Strict glucose control is recommended for all patients with diabetes, since glucose toxicity clearly increases the risk of complications.4,5 Several studies have shown that improved glycemic control can strengthen immune function and reduce the risk of infection.6-9 These findings are not limited to patients with diabetes. For example, Van den Berghe and colleagues7 found that intensive insulin therapy aimed at maintaining serum glucose levels at less than 110 mg/dL helped prevent complications in a surgical ICU population. Intensive insulin therapy also reduced complication and mortality rates in a medical ICU population.9



1. Rosenstein NE, Emery KW, Werner SB, et al.
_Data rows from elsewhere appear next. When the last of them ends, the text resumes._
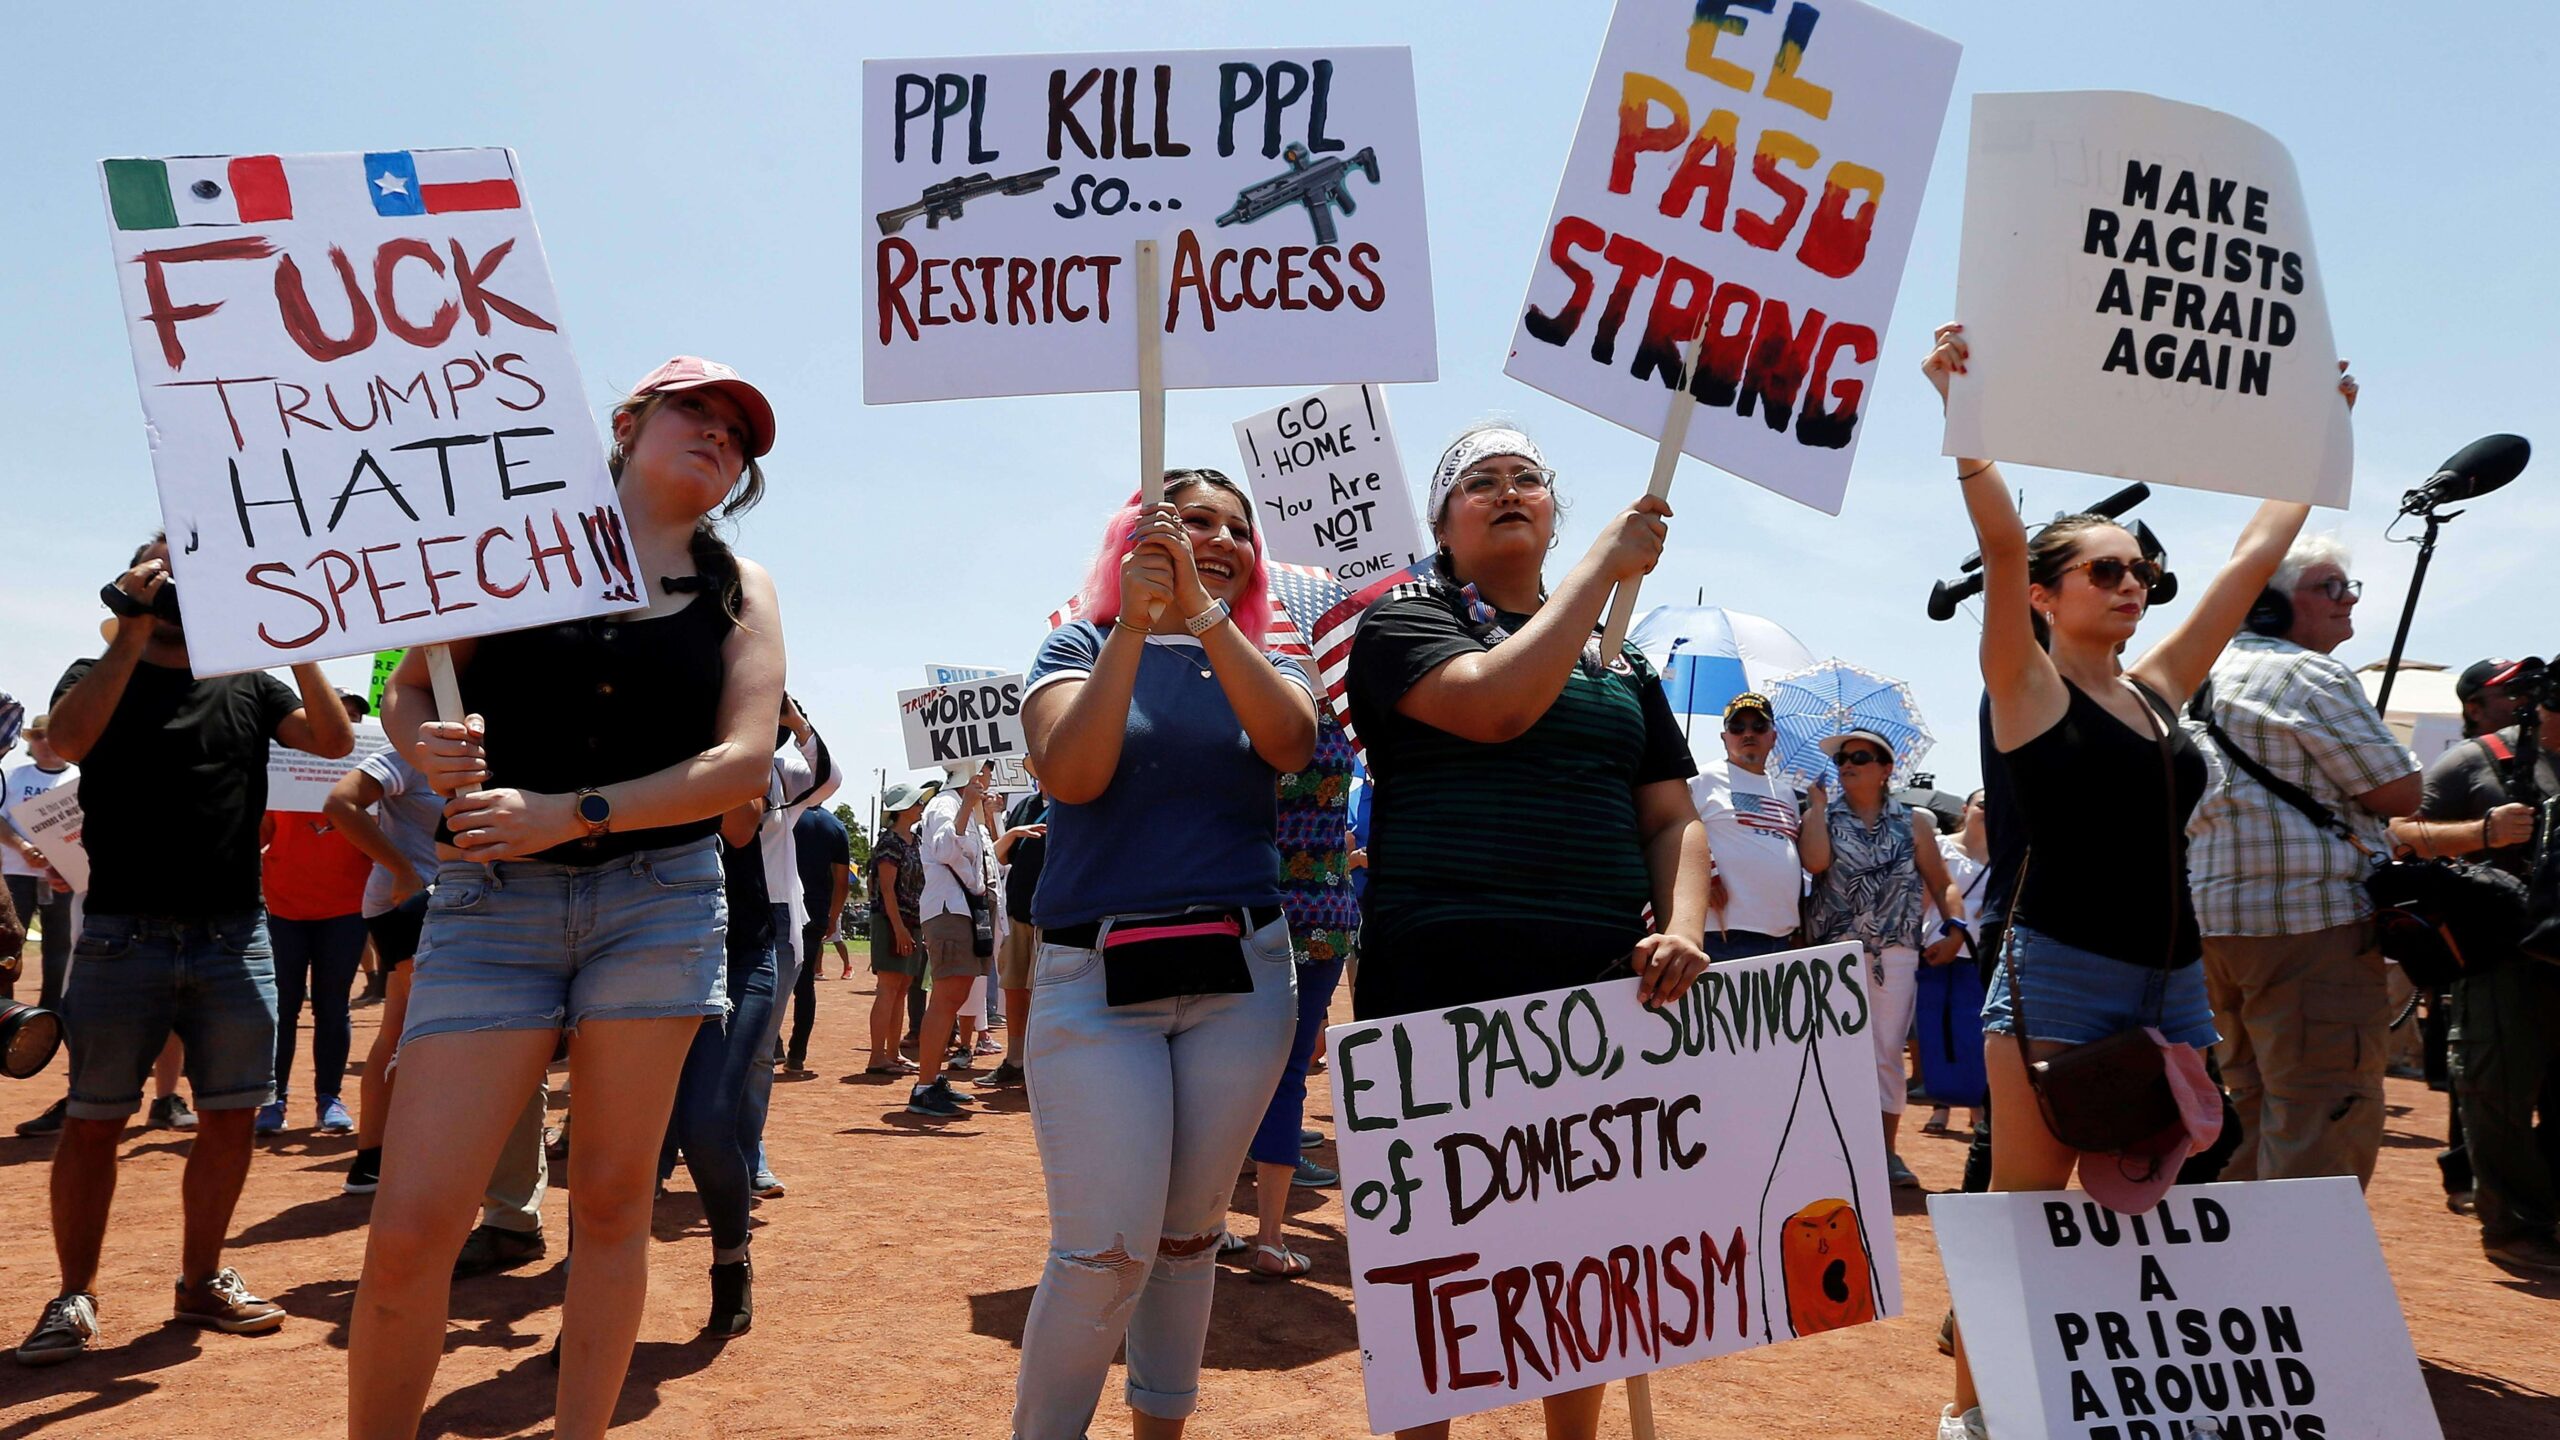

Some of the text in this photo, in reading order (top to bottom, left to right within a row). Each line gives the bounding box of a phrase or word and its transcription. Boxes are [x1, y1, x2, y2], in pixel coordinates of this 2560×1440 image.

[1685, 0, 1833, 120] EL
[894, 59, 1345, 164] PPL KILL PPL
[1607, 71, 1885, 279] PASO
[2122, 159, 2269, 235] MAKE
[877, 228, 1386, 346] RESTRICT ACCESS
[2083, 207, 2305, 296] RACISTS
[129, 235, 558, 372] FUCK
[1524, 215, 1878, 450] STRONG
[2096, 267, 2297, 348] AFRAID
[155, 350, 546, 452] TRUMP'S
[2102, 327, 2272, 397] AGAIN
[1273, 423, 1357, 477] HOME
[1277, 397, 1328, 440] GO
[228, 427, 567, 548] HATE
[1313, 501, 1376, 548] NOT
[1337, 552, 1395, 580] COME
[902, 685, 948, 715] TRUMP'S
[920, 683, 1021, 728] WORDS
[930, 721, 1012, 762] KILL
[1338, 952, 1869, 1132] EL PASO, SURVIVORS
[1350, 1094, 1707, 1235] of DOMESTIC
[2043, 1197, 2231, 1248] BUILD
[1364, 1225, 1748, 1395] TERRORISM
[2140, 1254, 2178, 1302] A
[2055, 1305, 2303, 1362] PRISON
[2070, 1357, 2316, 1421] AROUND
Risk factors for severe pulmonary and disseminated coccidioidomycosis: Kern County, California, 1995-1996. Clin Infect Dis. 2001;32:708-715.
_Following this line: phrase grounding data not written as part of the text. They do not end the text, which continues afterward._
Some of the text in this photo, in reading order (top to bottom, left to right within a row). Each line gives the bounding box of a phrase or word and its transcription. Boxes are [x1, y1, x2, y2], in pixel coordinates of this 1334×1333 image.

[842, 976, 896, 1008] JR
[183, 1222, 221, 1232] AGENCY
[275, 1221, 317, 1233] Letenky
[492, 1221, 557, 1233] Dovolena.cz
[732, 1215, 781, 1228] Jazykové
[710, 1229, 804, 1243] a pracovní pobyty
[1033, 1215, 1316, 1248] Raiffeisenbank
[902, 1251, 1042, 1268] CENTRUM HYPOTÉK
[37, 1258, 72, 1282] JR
2. Baker EJ, Hawkins JA, Waskow EA. Surgery for coccidioidomycosis in 52 diabetic patients with special reference to related immunologic factors. J Thorac Cardiovasc Surg. 1978;75: 680-687.

3. Santelli AC, Blair JE, Roust LR. Coccidioidomycosis in patients with diabetes mellitus. Am J Med. 2006;119:964-969.

4. The effect of intensive treatment of diabetes on the development and progression of long-term complications in insulin-dependent diabetes mellitus. The Diabetes Control and Complications Trial Research Group. N Engl J Med. 1993;329:977-986.

5. Intensive blood-glucose control with sulphonylureas or insulin compared with conventional treatment and risk of complications in patients with type 2 diabetes (UKPDS 33). UK Prospective Diabetes Study (UKPDS) Group [published correction appears in Lancet. 1999;354:602]. Lancet. 1998;352:837-853.

6. Joshi N, Caputo GM, Weitekamp MR, Karchmer AW. Infections in patients with diabetes mellitus. N Engl J Med. 1999;341:1906-1912.

7. Van den Berghe G, Wouters P, Weekers F, et al. Intensive insulin therapy in critically ill patients. N Engl J Med. 2001;345:1359-1367.

8. Van den Berghe G, Wouters P, Bouillon R, et al. Outcome benefit of intensive insulin therapy in the critically ill: insulin dose versus glycemic control. Crit Care Med. 2003;31:359-366.

9. Van den Berghe G, Wilmer A, Hermans G, et al. Intensive insulin therapy in the medical ICU. N Engl J Med. 2006;354:449-461.

10. Stafford CM, Lim ML, Lamb C, et al. Fever and a chest wall mass in a young man. J Respir Dis. 2005;26:342-344.